Categorization Lab Results

In this experiment, we predicted that would more typical examples of categories would be classified faster than less typical ones. That is, we predicted that there would be a relationship between each word's typicality and the time subjects took to classify that word. Such a relationship is called a "correlation".

To test this, we computed for each of the 150 words (10 examples in each of 15 categories) two numbers: a typicality rating, which was the mean of the typicality ratings given that word by all the subjects in the rating task, and a reaction time, which was the mean of the reaction times for that word by all the subjects, taking the positive trials only. The very laborious process we used to extract and compute these means was intended to make it perfectly clear to you exactly where the final data really came from, and to give you a hands-on sense of how much calculation goes into analyzing even a simple experiment.

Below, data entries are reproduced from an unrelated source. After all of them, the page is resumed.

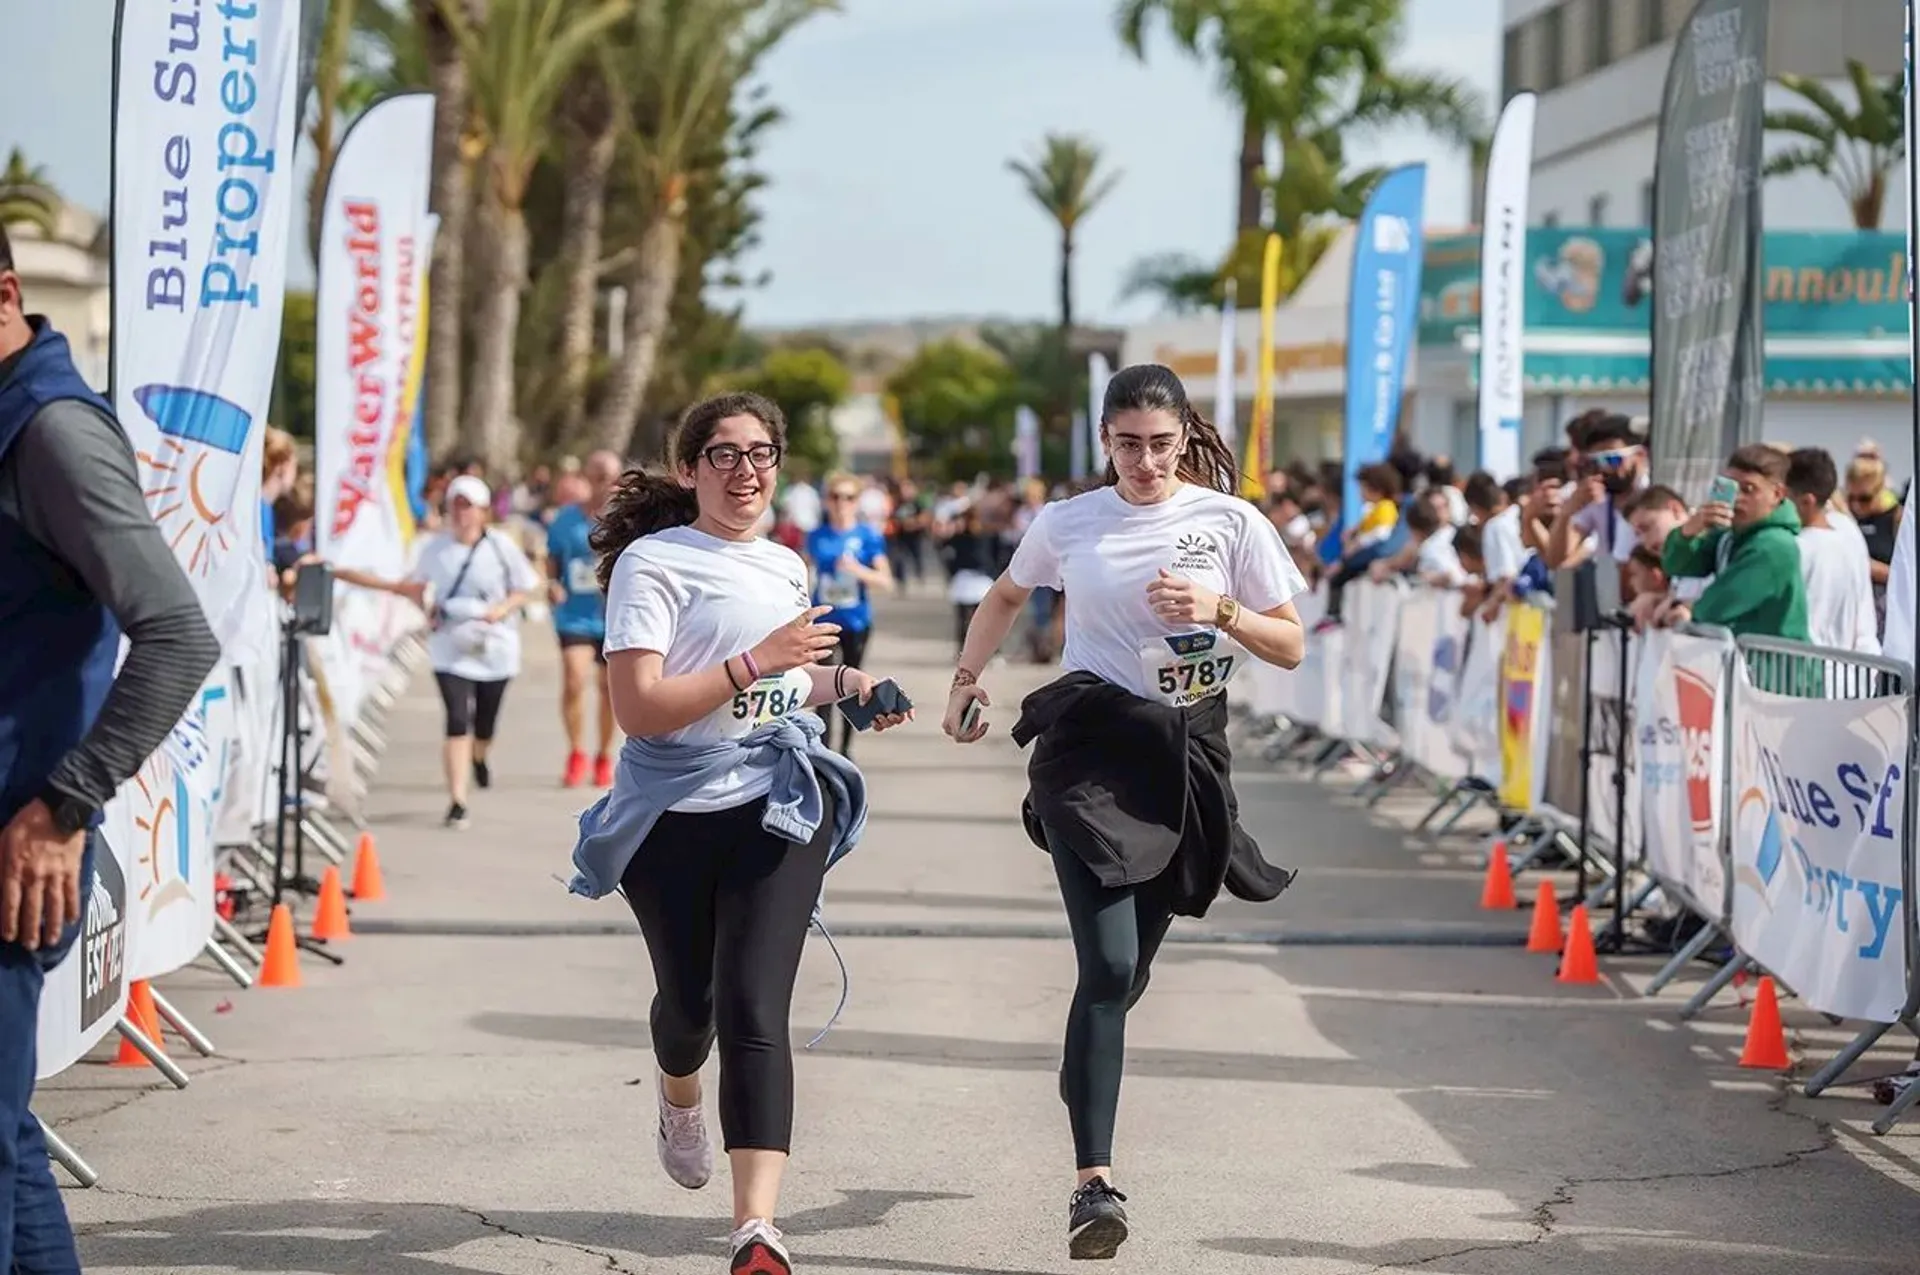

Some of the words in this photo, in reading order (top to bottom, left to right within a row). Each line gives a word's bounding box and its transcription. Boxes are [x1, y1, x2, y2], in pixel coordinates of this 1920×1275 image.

[154, 0, 200, 105] Su
[202, 0, 274, 308] Propert
[147, 135, 190, 312] Blue
[1765, 252, 1911, 303] nnoul
[733, 687, 798, 719] 5786
[1158, 655, 1234, 694] 5787

The r statistic. The statistic we use to measure the degree of correlation between the two variables is called (Pearson's) r. It is a number between -1 and 1, and measures the degree to which one variable can be (linearly) predicted from the other. An r = 0 means that there is no relationship at all (the two variables are independent); r = 1 means that there is a perfect linear

relationship between them; and r =-1 means that there is a perfect inverse linear relationship between them— that as one increases the other decreases, in a completely predictable fashion.

Any other value of r means that there is some relationship between the variables, but that it is not perfect. In such a case you can predict the value of one variable from the other, but not precisely; there is also an unpredictable component.

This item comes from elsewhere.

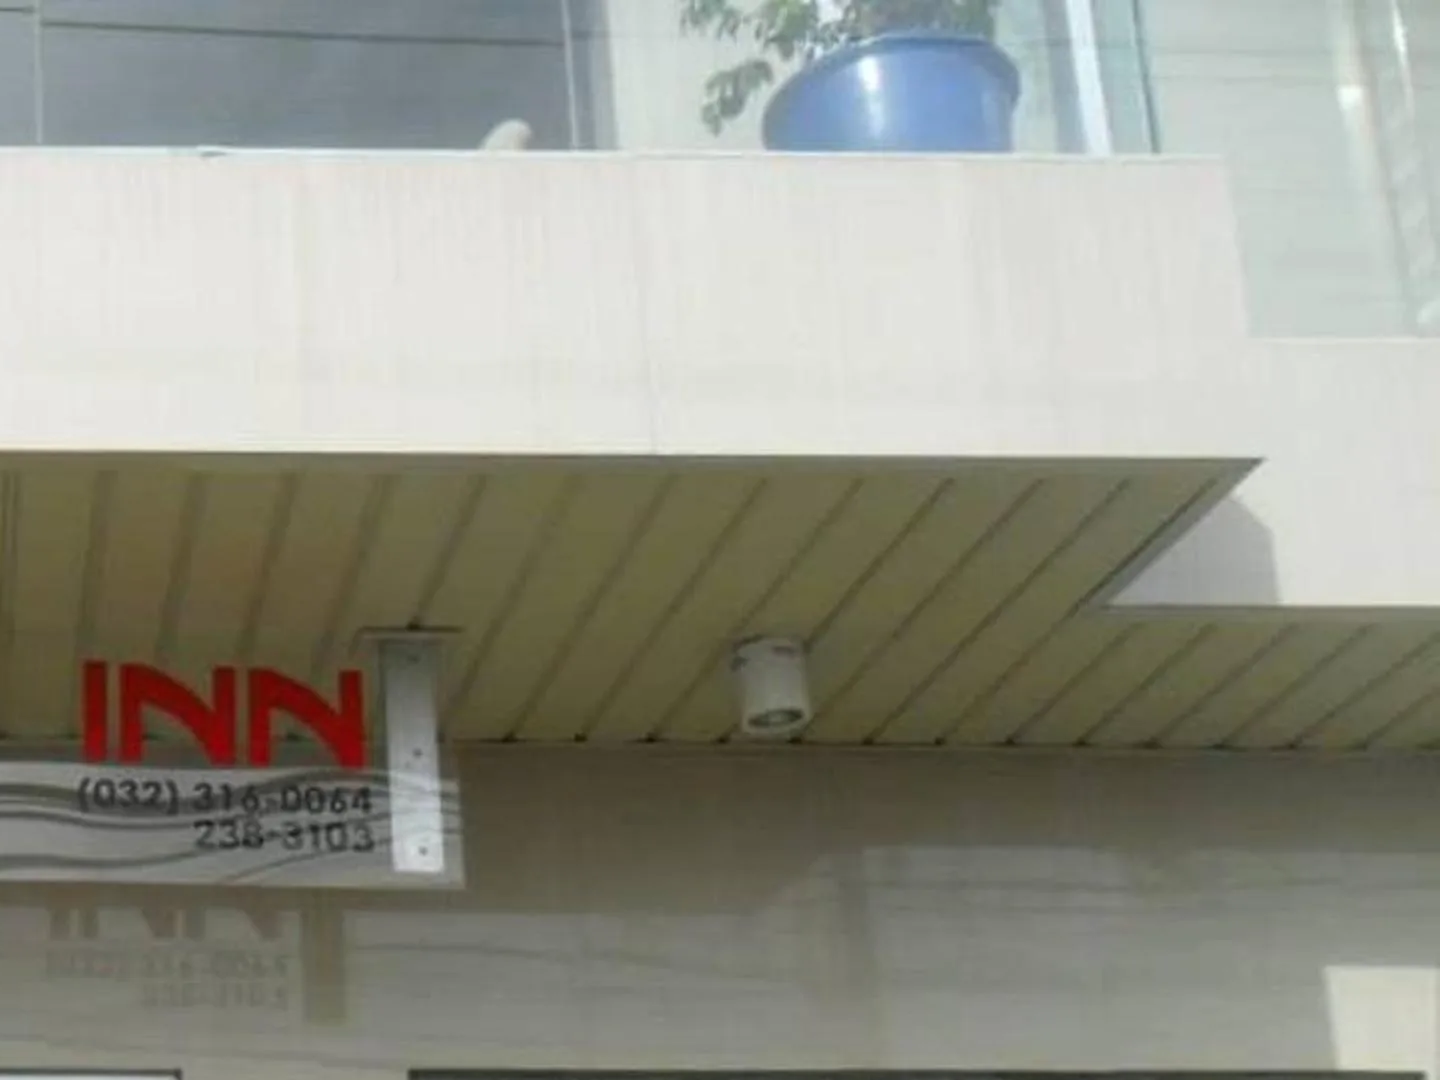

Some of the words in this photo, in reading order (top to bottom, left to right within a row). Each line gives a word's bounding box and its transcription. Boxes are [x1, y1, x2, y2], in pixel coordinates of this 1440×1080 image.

[81, 660, 371, 769] INN
[77, 777, 180, 816] (032)
[191, 782, 373, 815] 316-0064
[192, 819, 376, 853] 238-3103

The "regression equation" is the equation of the line that best approximates the relationship between the two variables. The data form a "cloud" around this line (unless r = 1 or r = -1, in which case they fall right on it). The line normally has an equation of the form

Dependent Variable = Slope × Independent Variable + Intercept.

Note that the slope will always have the same sign as r.

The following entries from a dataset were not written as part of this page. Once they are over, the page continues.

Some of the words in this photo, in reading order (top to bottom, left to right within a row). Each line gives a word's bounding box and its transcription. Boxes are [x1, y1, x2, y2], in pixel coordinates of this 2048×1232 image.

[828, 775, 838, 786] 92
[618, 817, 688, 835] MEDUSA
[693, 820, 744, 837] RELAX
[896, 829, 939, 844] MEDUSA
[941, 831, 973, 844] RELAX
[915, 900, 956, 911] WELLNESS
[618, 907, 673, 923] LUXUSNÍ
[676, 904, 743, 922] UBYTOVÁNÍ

Computing significance. Just like with the t statistic, we can also measure, for each r, whether the correlation it measures in the data is large enough to be considered statistically significant. Like t, we do this by associating the r with a p value, which measures how likely our data were to have been produced if there were no relationship (the null hypothesis).

The summary statistics for this experiment— r and p— will be given to you in class. You will also be given a plot of the 150 data points with the regression line plotted.